Pictures are to be left out, but please repeat each record exactly.
===== MATERIALS PROVIDED
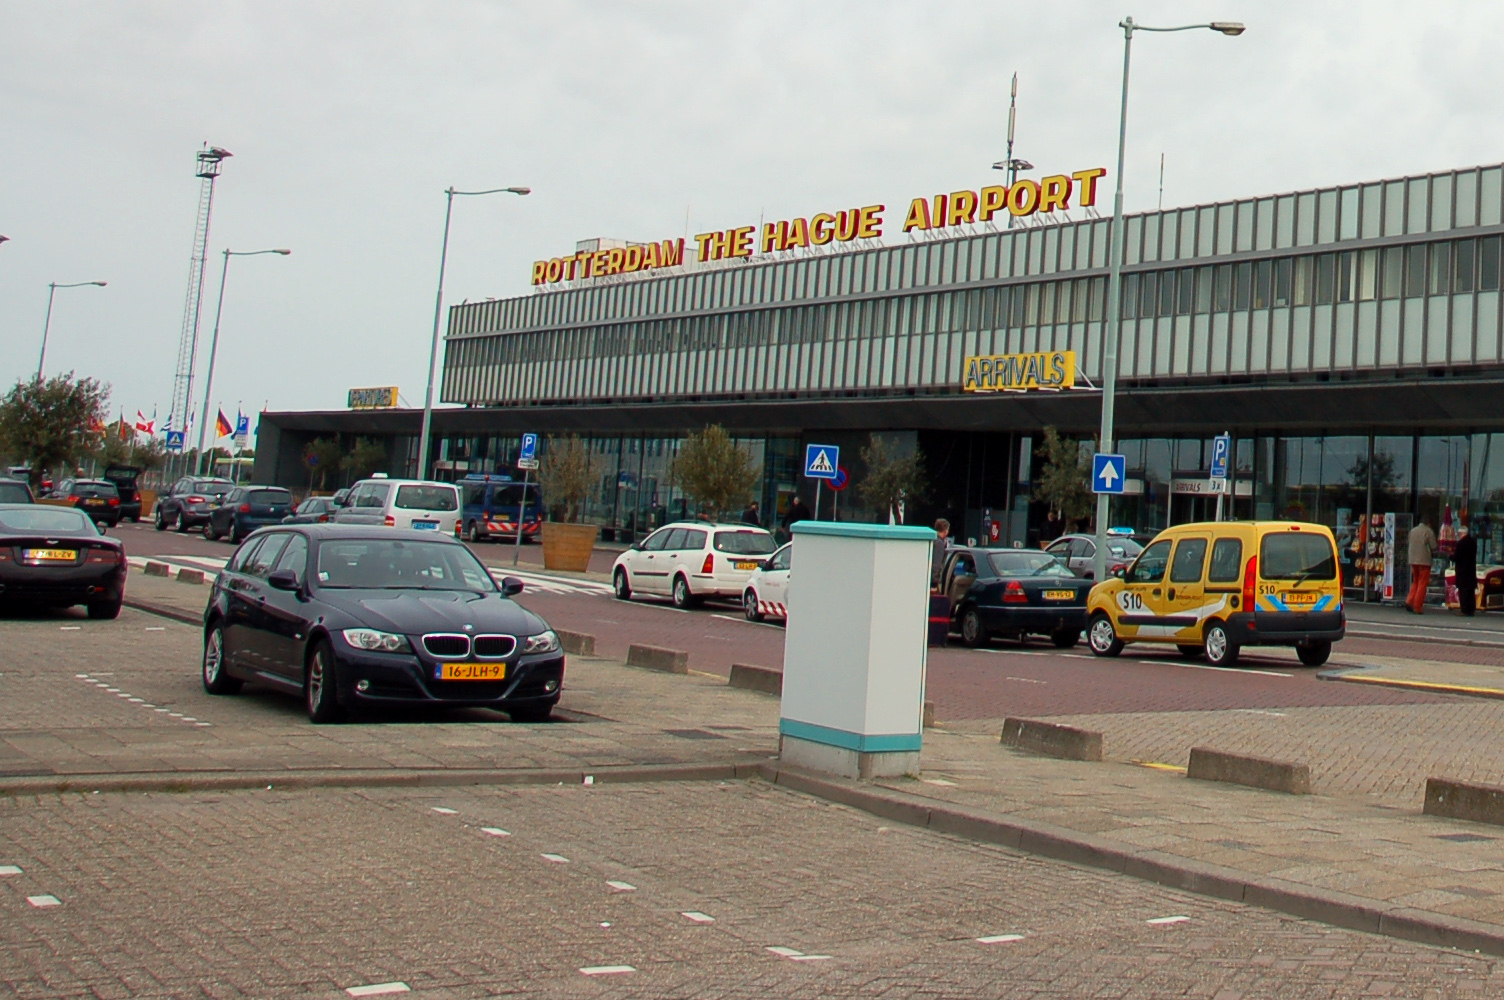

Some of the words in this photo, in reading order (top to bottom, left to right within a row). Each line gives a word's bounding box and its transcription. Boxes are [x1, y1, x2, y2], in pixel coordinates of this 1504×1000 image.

[531, 238, 685, 286] ROTTERDAM
[694, 226, 756, 262] THE
[761, 204, 885, 253] HAGUE
[902, 168, 1106, 233] AIRPORT
[965, 353, 1065, 388] ARRIVALS
[1259, 585, 1275, 595] S10
[1123, 593, 1142, 610] S10
[449, 666, 500, 677] 16-JLH-9
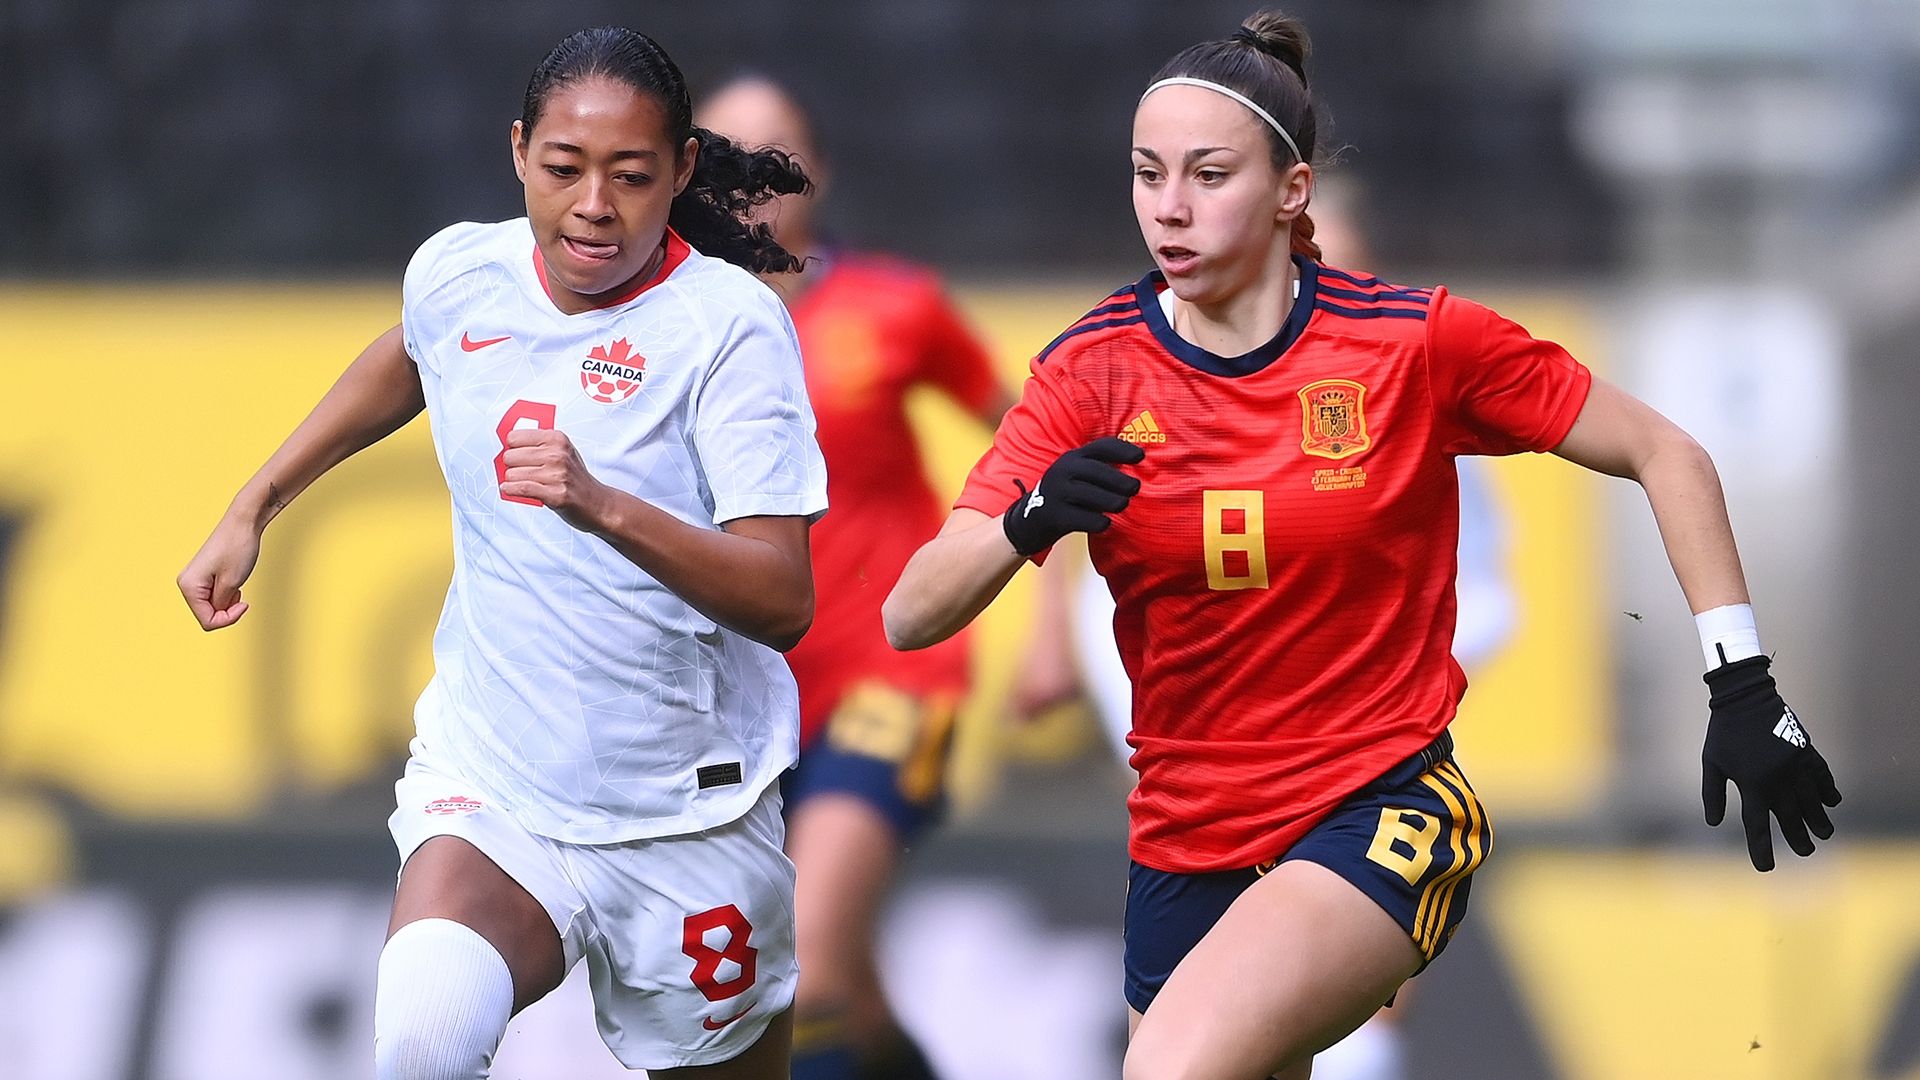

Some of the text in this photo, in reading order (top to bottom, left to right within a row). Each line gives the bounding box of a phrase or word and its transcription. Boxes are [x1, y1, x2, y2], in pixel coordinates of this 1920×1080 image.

[582, 360, 643, 382] CANADA
[1117, 431, 1166, 443] adidas
[1203, 489, 1269, 590] 8
[682, 903, 758, 1002] 8
==========
§ ANSWER
Some of the words in this photo, in reading order (top to bottom, left to right within a row). Each line gives a word's bounding box and its transcription. Boxes are [x1, y1, x2, y2], in pixel coordinates of this 1504×1000 image.

[531, 238, 685, 286] ROTTERDAM
[694, 226, 756, 262] THE
[761, 204, 885, 253] HAGUE
[902, 168, 1106, 233] AIRPORT
[965, 353, 1065, 388] ARRIVALS
[1259, 585, 1275, 595] S10
[1123, 593, 1142, 610] S10
[449, 666, 500, 677] 16-JLH-9

Some of the text in this photo, in reading order (top to bottom, left to right within a row). Each line gives the bounding box of a phrase or word and its transcription. Boxes are [x1, y1, x2, y2], in pixel coordinates of this 1920×1080 image.

[582, 360, 643, 382] CANADA
[1117, 431, 1166, 443] adidas
[1203, 489, 1269, 590] 8
[682, 903, 758, 1002] 8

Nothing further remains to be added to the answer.